© @ForRespect
The competition to frame the Black Friday Walmart protests continues. Walmart, of course, has every reason to minimize the protests and OUR Walmart, the group organizing the protests, has every reason to exaggerate them. Since protests were basically crowd-sourced and ranged from tiny to big, it's probably impossible to determine the truth. No one is claiming that anything but a small fraction of Walmart's massive number of employees took part; on the other hand, it's a new thing that
any Walmart employees are protesting, and these terribly underpaid workers do so at the risk of their jobs.
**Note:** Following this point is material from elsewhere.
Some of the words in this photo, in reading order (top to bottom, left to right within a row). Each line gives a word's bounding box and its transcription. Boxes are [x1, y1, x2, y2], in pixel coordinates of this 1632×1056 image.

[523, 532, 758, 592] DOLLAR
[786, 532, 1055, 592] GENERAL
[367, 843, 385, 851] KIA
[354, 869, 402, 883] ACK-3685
Walmart says it had the most awesomest Black Friday ever (we'll wait for revised sales figures in a couple months to find out the truth there), and there weren't very many protests at all and almost no actual Walmart employees took part: "Wal-Mart said roughly 50 employees participated in the events Thursday and a 'few dozen' took part Friday." (Except that that's not actually a small number in the history of Walmart worker activism - even if we take the company's low-ball number, it's probably the most Walmart workers ever to strike in a 24-hour period prior to 2012.)
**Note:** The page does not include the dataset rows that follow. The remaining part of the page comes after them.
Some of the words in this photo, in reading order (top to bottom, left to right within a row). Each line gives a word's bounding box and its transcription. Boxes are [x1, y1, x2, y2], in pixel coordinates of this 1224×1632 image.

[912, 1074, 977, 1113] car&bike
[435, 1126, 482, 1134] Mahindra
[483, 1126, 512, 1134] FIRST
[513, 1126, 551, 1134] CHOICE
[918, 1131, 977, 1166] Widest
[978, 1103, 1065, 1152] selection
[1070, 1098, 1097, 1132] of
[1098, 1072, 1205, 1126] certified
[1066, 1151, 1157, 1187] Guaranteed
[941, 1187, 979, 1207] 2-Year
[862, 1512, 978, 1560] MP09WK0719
But we know Walmart is engaging in serious understatement. A protest in Dallas reportedly involved 40 workers; one in Miami involved 70 workers. Already that's the number
Walmart wants you to believe participated across the entire country. Add to that the
17 in Paramount, California. Diarist Bobbosphere says that
in Chicago, "only a few [media] outlets actually quoted Walmart employees who were present," making it harder to know how many turned out. But he found at least four Chicago workers quoted, like:
WGN TV: "They retaliate by black listing us, telling other associates not to associate with us, shortening our working hours, all the way up to termination." - Walmart employee Charmaine Gibens Thomas.
There were strikers in
Duarte, California, and in the
Washington, DC, area, and even one guy in
Oklahoma who hadn't planned to strike until a captive audience meeting held by his store's management to scare workers out of protesting changed his mind. Small numbers of workers, but more than Walmart wants us to believe existed, and each one of them an act of courage unimaginable for most of us. These are people who can't afford to lose their jobs, but they risked that for justice.
Comment: It is past time for Walmart to face the consequences of its predatory behaviour!